ImmutableBaggage.isKeyValid allows non-zero-length strings that contain nothing but spaces and/or tabs

[jimshowalter]

It currently is:

private static boolean isKeyValid(String name) { return name != null && !name.isEmpty() && StringUtils.isPrintableString(name); }

It needs to be:
private static boolean isKeyValid(String name) { return name != null && !name.trim().isEmpty() && StringUtils.isPrintableString(name); }

Or it needs to use something like apache StringUtils isBlank.

[akhatami]

@jimshowalter @jkwatson

May I start working on this?

[bogdandrutu]

@jkwatson I think this should be clarified in the specification because we want to have a consistent behavior across libraries

[jkwatson]

@jkwatson I think this should be clarified in the specification because we want to have a consistent behavior across libraries

Isn't key validity defined by the w3c spec already?

[jimshowalter]

https://www.w3.org/TR/baggage/#key

"Leading and trailing whitespaces (OWS) are allowed but MUST be trimmed when converting the header into a data structure."

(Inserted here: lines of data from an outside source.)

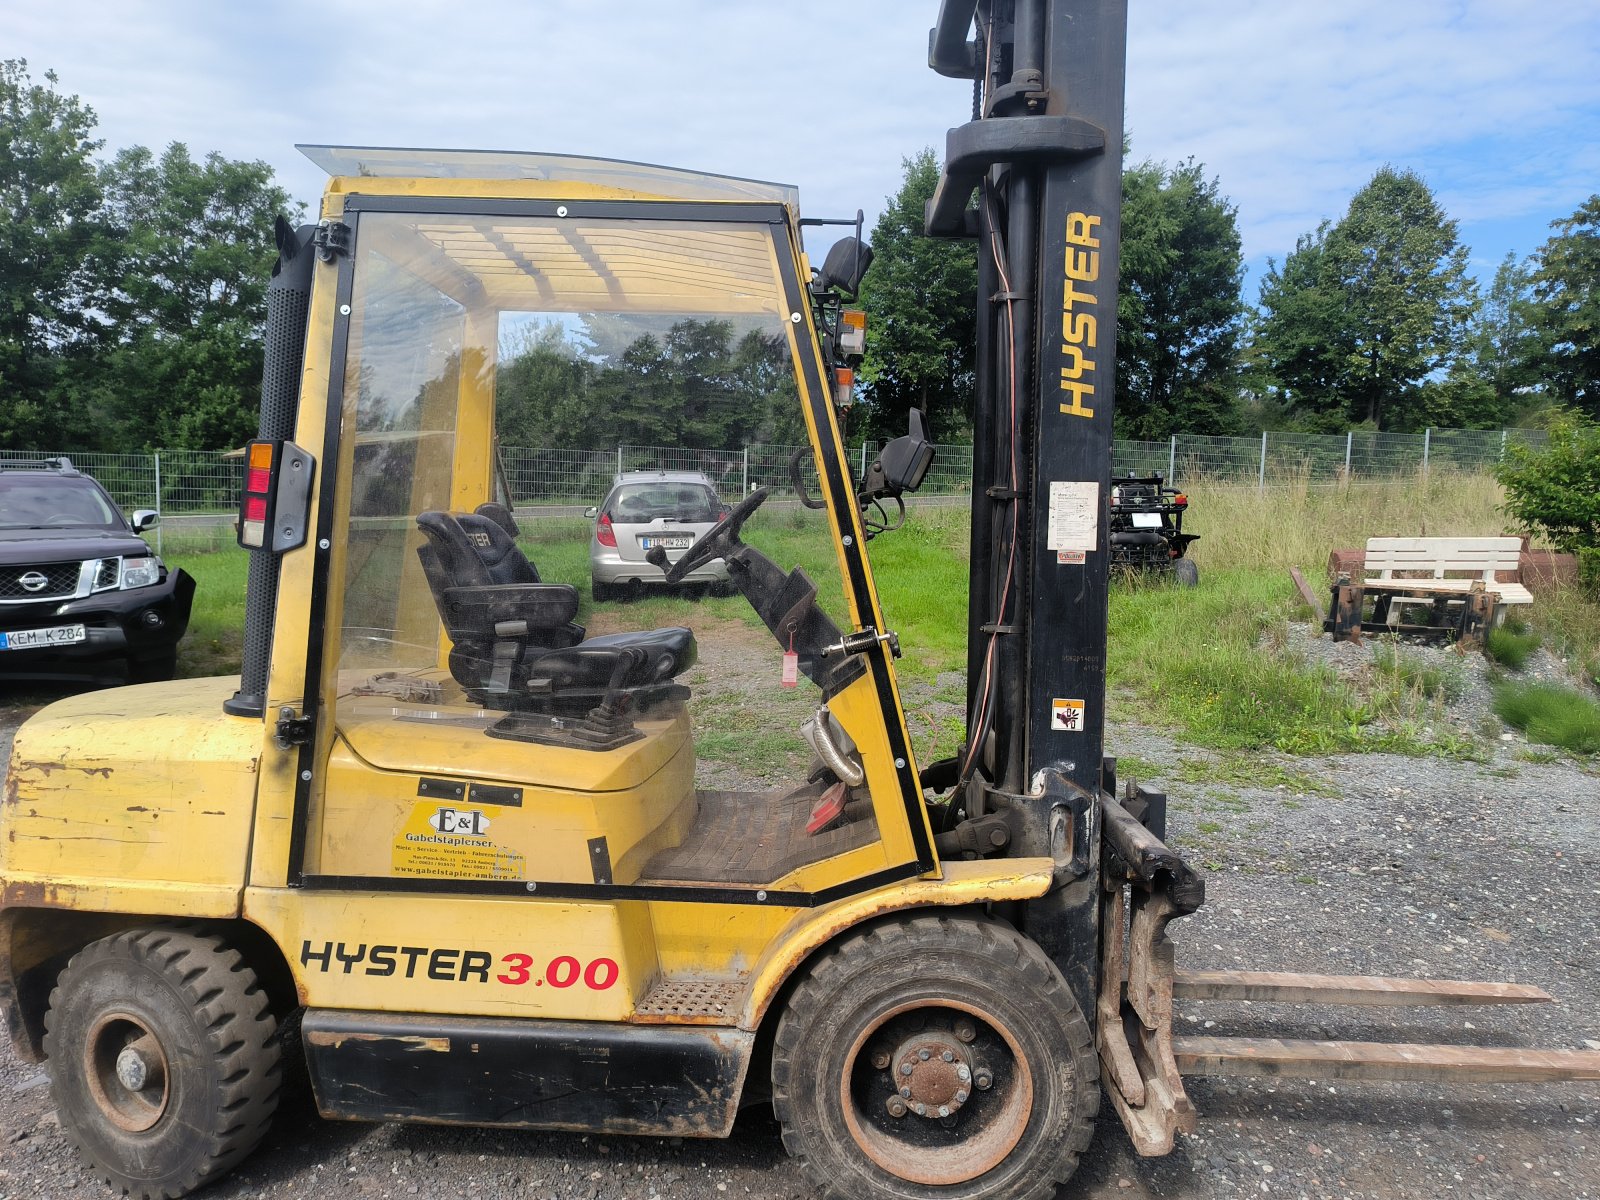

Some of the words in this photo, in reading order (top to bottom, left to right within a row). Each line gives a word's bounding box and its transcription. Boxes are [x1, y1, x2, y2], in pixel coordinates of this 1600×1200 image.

[1059, 211, 1101, 418] HYSTER
[675, 538, 688, 547] 232
[7, 631, 37, 646] KEM
[45, 629, 56, 642] K
[58, 627, 83, 640] 284
[300, 940, 492, 983] HYSTER
[497, 952, 619, 991] 3.00

If you trim leading and trailing whitespace on a string consisting of nothing but whitespace, you get an empty string.

So !name.trim().isEmpty() is correct, and the current code is not correct.

[bogdandrutu]

If we apply the w3c rules then we need to trim the keys always, for example " too" should overwrite "too". I want to clarify in the specs that we follow w3c rules which I think we don't say at the moment

[jimshowalter]

The proposed change in my first post in this bug report was to change !name.isEmpty() to !name.trim().isEmpty(), which always trims the keys.

[jkwatson]

@bogdandrutu Can you shepherd a tweak to the specs so we can get #2950 merged?

[andresbeckruiz]

Has this issue been resolved? If not I would like to take a stab at it.

[jkwatson]

Has this issue been resolved? If not I would like to take a stab at it.

cc: @alolita

I think we're still waiting on the specification issue to get resolved.

[aniketrb-github]

any updates on the spec. ?

[MounikaNandyala]

Is it still open?
If yes, we can try this way.

private static boolean isKeyValid(String name) {
// Trim leading and trailing whitespace
name = name.trim();

// Check if the name is valid (non-empty after trimming)
return !name.isEmpty();
}

[hakunamatata-git]

Is it still open?

[jkwatson]

Someone will need to validate what the specification currently says about baggage keys and create a PR if we're not currently in compliance.

[AdamBalski]

As per this excerpt, the specification does not say anything about requirements for a key except for it being a string.

REQUIRED parameters:

Name The name for which to set the value, of type string.

[tkmsaaaam]

I created this PR. #6431 Please review it.